Microsoft has been talking about several innovations within their UC&C portfolio of applications recently. Three that caught my eye were – Real time language translations as part of Skype, delivery of Skye as a part of the Office 365 family of services, and adding some intelligence to how junk mail is removed from your inbox. These capabilities are referred to as Lync/Skype Translator, Skype for Business, and Clutter.
Delivering real time language translation was first brought to the attention of the general public by Gene Rodenberry, when Universal Translators were issued to the crew of the Starship Enterprise. Skype Translator leverages Microsoft Research’s efforts in speech recognition and speech synthesis as well as machine translation to translate text and spoken conversation in real time in 45 languages. Specially designed to translate the spoken language, the translation algorithms actually learns and gets better at translating across all languages, the more it is used in any language. In humans behavior this phenomenon is referred to as transfer of learning (originally discussed in Psychological Review in 1901 by E. L. Thorndike & R. S. Woodworth) but it is unclear how Microsoft’s algorithms mimic this human behavior according to Satya Nadella, CEO of Microsoft, when asked about it at ReCode’s Code Conference earlier this year. See here for more details.
Skype has been a geek’s friend for communicating cheaply across great distances since 2003. As soon as Microsoft acquired Skype in 2011, the industry began to hypothesize how Microsoft would bring Skype into the mainstream of office technology. There had been a “Skype for Business” offer 5 years ago, primarily allowing a business to manage Skype accounts, Skype-in and Skype-out credits, and firewall traversal methods. Today’s Skype for Business is replacing Lync Server inside a business delivering on-net communication and collaboration (Voice, Video & IM via SILK or H.264 SVC), and also within the Office 365 offer architecture. Skype adds value by incorporating a familiar, easy user interface with a public directory of hundreds of millions of Skype users. See Skype’s blog for more information. Skype will replace Lync naming/branding in the cloud, data center and desktop environment, unifying the traditional capabilities and services of both Skype and Lync.
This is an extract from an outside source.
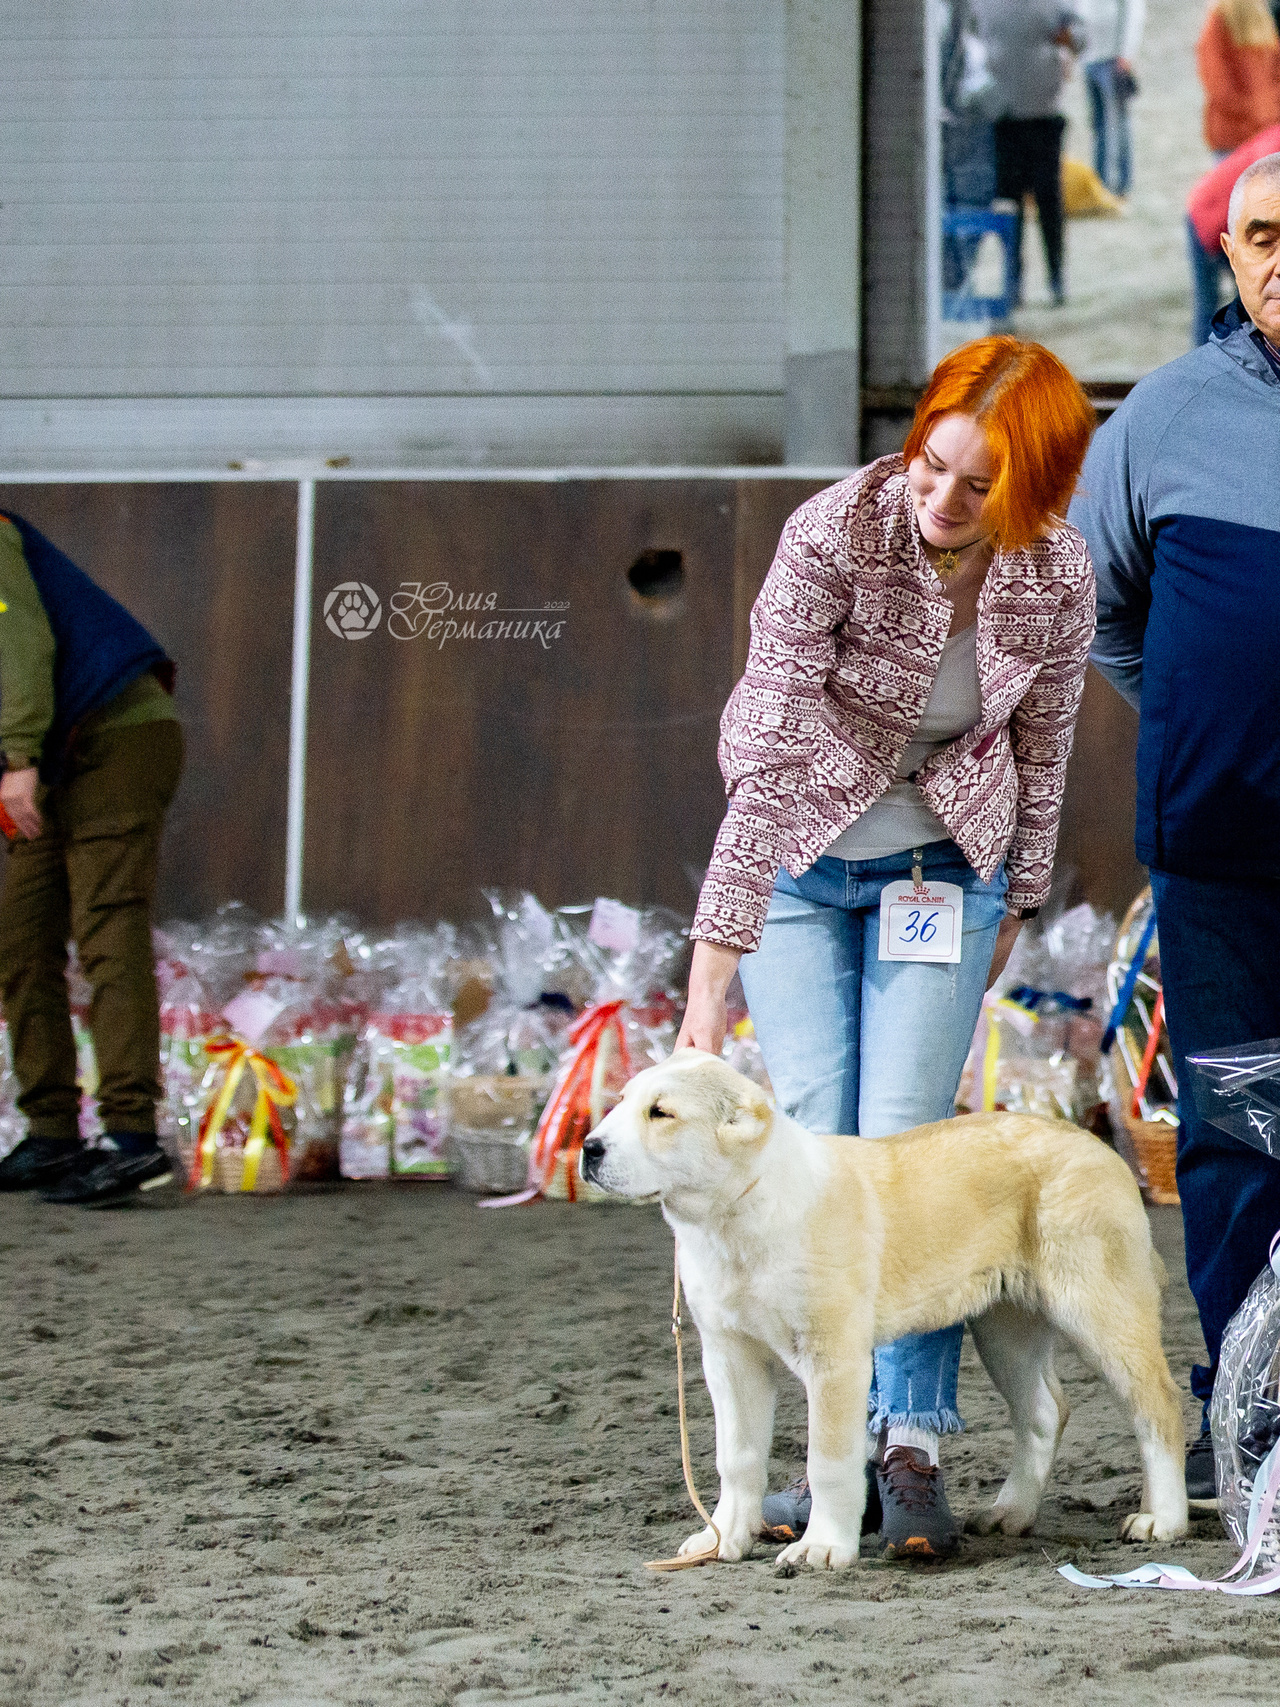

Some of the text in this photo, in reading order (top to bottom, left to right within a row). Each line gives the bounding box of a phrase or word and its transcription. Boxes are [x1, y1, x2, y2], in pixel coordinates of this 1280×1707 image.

[897, 895, 945, 904] ROYAL CANIN
[899, 910, 939, 943] 36
Information overload is one of the side effects to UCC technology – not as bad as some of the potential side effects you hear about on TV pharmaceutical ads, but one that can slow down an information worker’s day. Spam filters, and add-ons like Xobni have promised for years to address the issue of information overload in the inbox by applying user defined rules. Some rules were defined by a company’s IT staff to enforce corporate policy or security and others were designed to reduce the threat of malicious software and viruses.
Clutter promises to eliminate the burden on users by learning what they do, and applying that learning when routing mail to the Clutter Box. Machine learning based on actions taken in any Microsoft Outlook client (desktop or web) and the users social graph of interactions, contacts, and activities will guide Clutter to leverage machine learning to free up more time for productive work, by automatically sorting your mail. Add Cortana’s voice on top to occasionally say something witty or useful like “I put the Publisher’s Clearing House email in the Clutter Folder, but with your bank balance maybe you would like to look at it,” and I will think the Office team is really onto something! Check out Geekwire for more information.
Each of these announcements demonstrates Microsoft’s commitment and capability to use advanced technologies, big data, networking, and usability to make it easier for information workers to communicate and collaborate – a necessary first step to drive adoption and achieve return on investment for their business customers.